[Free-text object descriptions]

##########

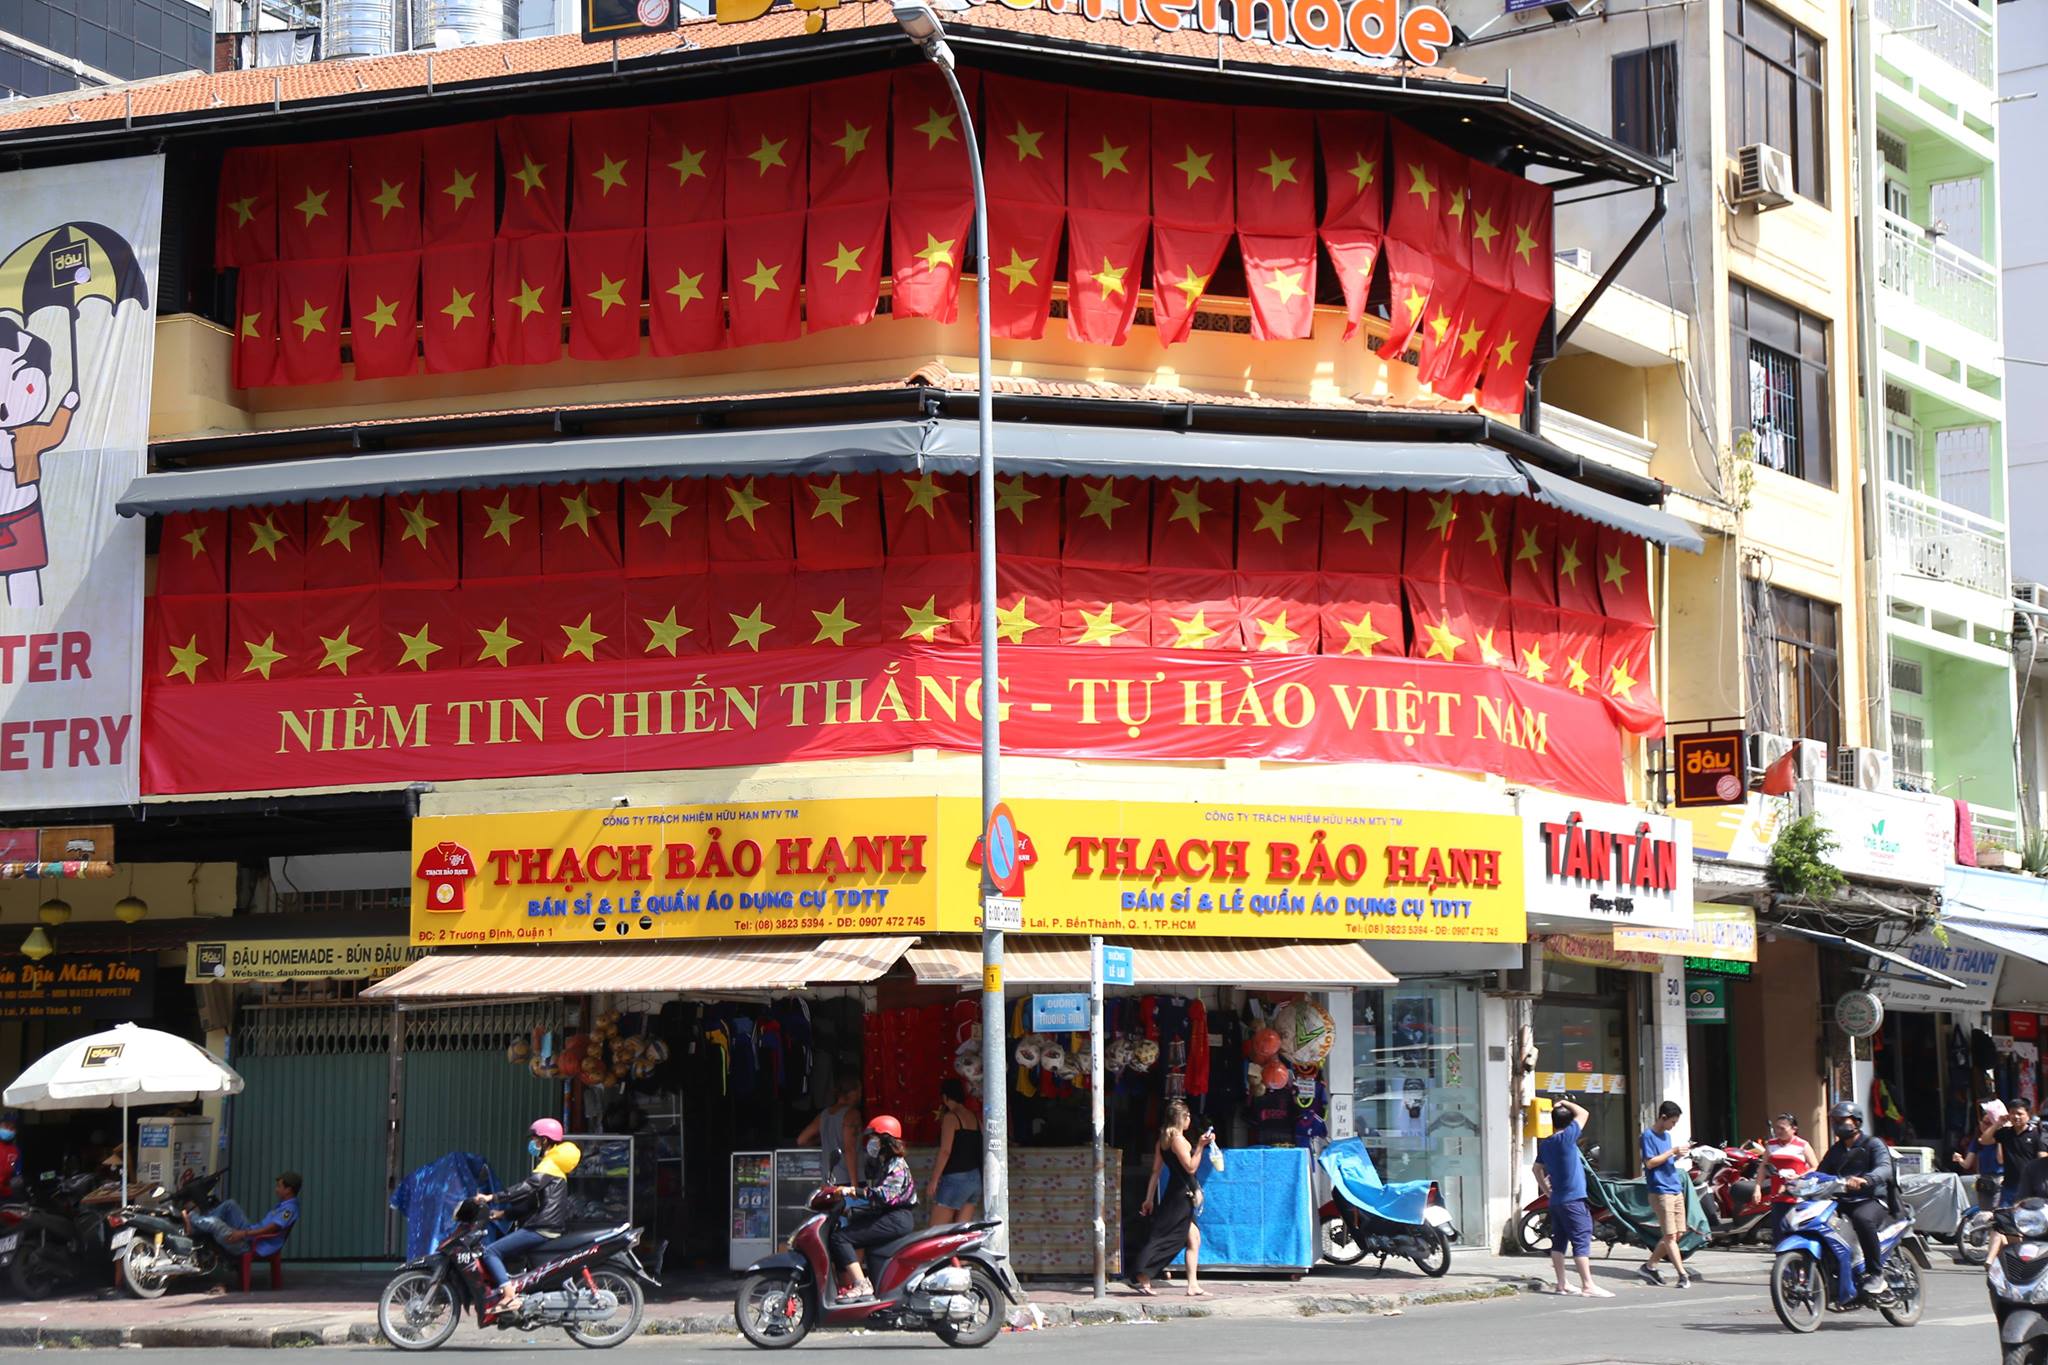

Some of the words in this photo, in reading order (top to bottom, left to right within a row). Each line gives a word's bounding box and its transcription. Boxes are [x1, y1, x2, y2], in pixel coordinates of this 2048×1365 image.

[276, 692, 430, 755] NIỀM
[447, 696, 546, 746] TIN
[564, 674, 760, 741] CHIẾN
[780, 661, 1011, 728] THẮNG
[1068, 671, 1166, 739] TỰ
[1179, 667, 1316, 729] HÀO
[1327, 680, 1462, 747] VIỆT
[1474, 695, 1549, 756] NAM
[602, 814, 629, 826] CÔNG
[633, 816, 645, 824] TY
[647, 813, 679, 824] TRÁCH
[682, 811, 713, 823] NHIỆM
[762, 810, 782, 819] MTV
[784, 809, 799, 818] TM
[1204, 811, 1234, 821] CÔNG
[1237, 812, 1249, 821] TY
[1540, 810, 1610, 884] TÂN
[1612, 821, 1676, 891] TÂN
[487, 844, 652, 892] THẠCH
[665, 827, 763, 879] BẢO
[776, 835, 928, 883] HẠNH
[1067, 836, 1250, 887] THẠCH
[1268, 829, 1368, 882] BẢO
[1384, 843, 1502, 893] HẠNH
[528, 896, 567, 917] BÁN
[598, 898, 612, 914] &
[619, 890, 642, 914] LẺ
[646, 889, 700, 915] QUẦN
[706, 890, 734, 910] ÁO
[740, 891, 793, 913] DỤNG
[799, 890, 827, 911] CỤ
[833, 889, 889, 908] TDTT
[1121, 888, 1165, 911] BÁN
[1198, 893, 1214, 911] &
[1312, 892, 1339, 913] ÁO
[1345, 896, 1397, 920] DỤNG
[1402, 898, 1425, 921] CỤ
[1431, 899, 1472, 918] TDTT
[734, 920, 752, 930] Tel:
[755, 919, 773, 931] (08)
[776, 918, 799, 929] 3823
[801, 918, 825, 928] 5394
[859, 917, 883, 927] 0907
[886, 916, 905, 926] 472
[907, 916, 926, 926] 745
[1052, 918, 1062, 928] P.
[1128, 919, 1139, 929] Q.
[1365, 924, 1383, 934] (08)
[1452, 927, 1470, 936] 0907
[1471, 927, 1484, 936] 472
[1487, 927, 1499, 936] 745
[419, 931, 435, 941] ĐC:
[439, 930, 446, 939] 2
[450, 930, 485, 941] Trương
[517, 927, 545, 939] Quận
[232, 947, 259, 968] ĐẬU
[263, 948, 333, 966] HOMEMADE
[346, 943, 371, 963] BÚN
[375, 943, 401, 965] ĐẬU
[107, 962, 141, 983] Tôm
[232, 969, 274, 977] Website:
[277, 968, 360, 977] dauhomemade.vn
[990, 974, 995, 982] 1
[1667, 979, 1679, 995] 50
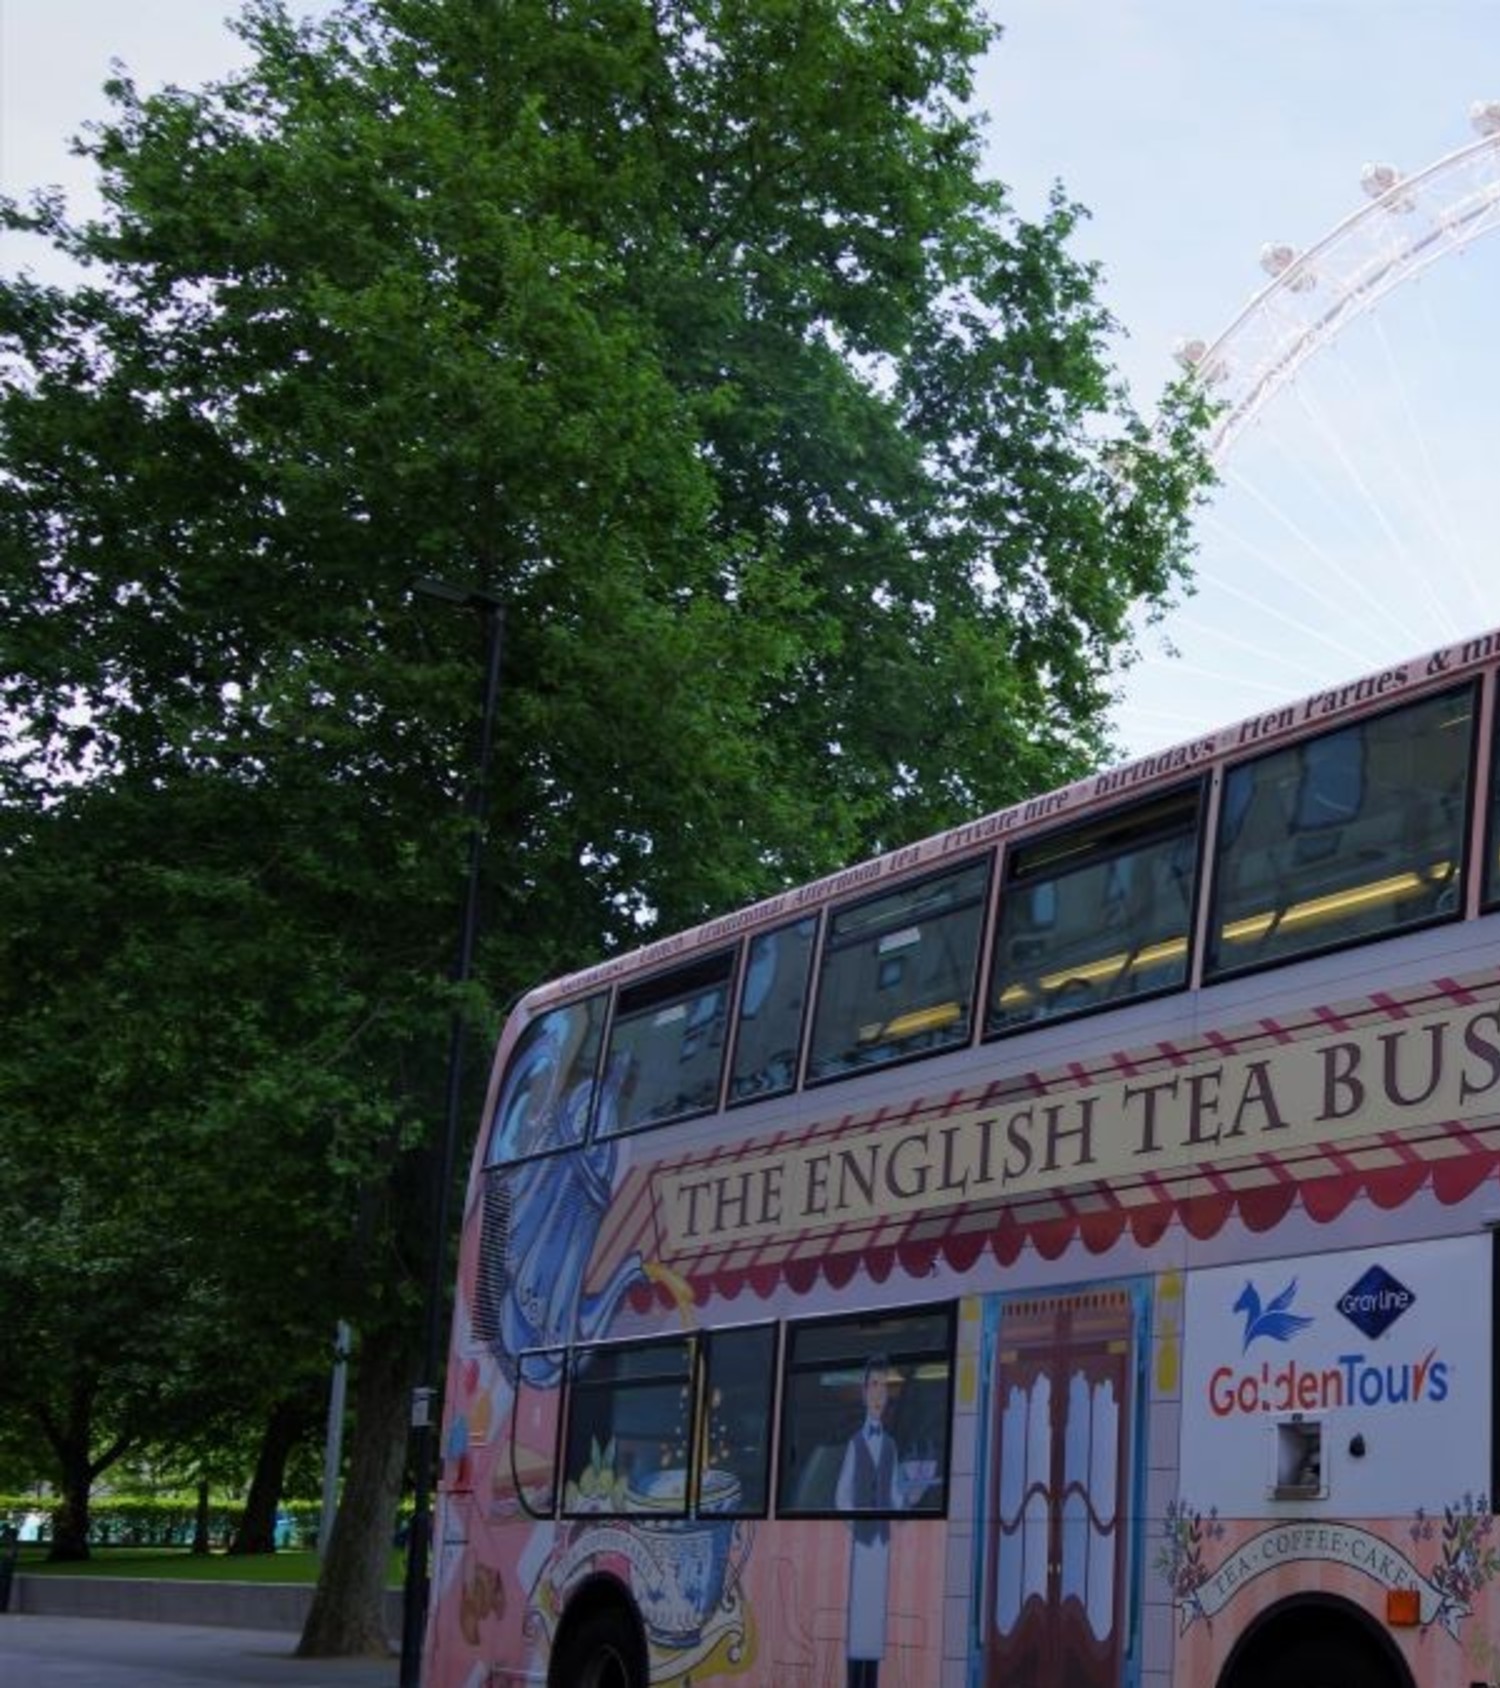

##########

Problem —
Reproduce all of the records above exactly, but exclude the pictures.

Task response —
Some of the words in this photo, in reading order (top to bottom, left to right within a row). Each line gives a word's bounding box and its transcription. Boxes are [x1, y1, x2, y2], in pixel coordinates of this 2048×1365 image.

[276, 692, 430, 755] NIỀM
[447, 696, 546, 746] TIN
[564, 674, 760, 741] CHIẾN
[780, 661, 1011, 728] THẮNG
[1068, 671, 1166, 739] TỰ
[1179, 667, 1316, 729] HÀO
[1327, 680, 1462, 747] VIỆT
[1474, 695, 1549, 756] NAM
[602, 814, 629, 826] CÔNG
[633, 816, 645, 824] TY
[647, 813, 679, 824] TRÁCH
[682, 811, 713, 823] NHIỆM
[762, 810, 782, 819] MTV
[784, 809, 799, 818] TM
[1204, 811, 1234, 821] CÔNG
[1237, 812, 1249, 821] TY
[1540, 810, 1610, 884] TÂN
[1612, 821, 1676, 891] TÂN
[487, 844, 652, 892] THẠCH
[665, 827, 763, 879] BẢO
[776, 835, 928, 883] HẠNH
[1067, 836, 1250, 887] THẠCH
[1268, 829, 1368, 882] BẢO
[1384, 843, 1502, 893] HẠNH
[528, 896, 567, 917] BÁN
[598, 898, 612, 914] &
[619, 890, 642, 914] LẺ
[646, 889, 700, 915] QUẦN
[706, 890, 734, 910] ÁO
[740, 891, 793, 913] DỤNG
[799, 890, 827, 911] CỤ
[833, 889, 889, 908] TDTT
[1121, 888, 1165, 911] BÁN
[1198, 893, 1214, 911] &
[1312, 892, 1339, 913] ÁO
[1345, 896, 1397, 920] DỤNG
[1402, 898, 1425, 921] CỤ
[1431, 899, 1472, 918] TDTT
[734, 920, 752, 930] Tel:
[755, 919, 773, 931] (08)
[776, 918, 799, 929] 3823
[801, 918, 825, 928] 5394
[859, 917, 883, 927] 0907
[886, 916, 905, 926] 472
[907, 916, 926, 926] 745
[1052, 918, 1062, 928] P.
[1128, 919, 1139, 929] Q.
[1365, 924, 1383, 934] (08)
[1452, 927, 1470, 936] 0907
[1471, 927, 1484, 936] 472
[1487, 927, 1499, 936] 745
[419, 931, 435, 941] ĐC:
[439, 930, 446, 939] 2
[450, 930, 485, 941] Trương
[517, 927, 545, 939] Quận
[232, 947, 259, 968] ĐẬU
[263, 948, 333, 966] HOMEMADE
[346, 943, 371, 963] BÚN
[375, 943, 401, 965] ĐẬU
[107, 962, 141, 983] Tôm
[232, 969, 274, 977] Website:
[277, 968, 360, 977] dauhomemade.vn
[990, 974, 995, 982] 1
[1667, 979, 1679, 995] 50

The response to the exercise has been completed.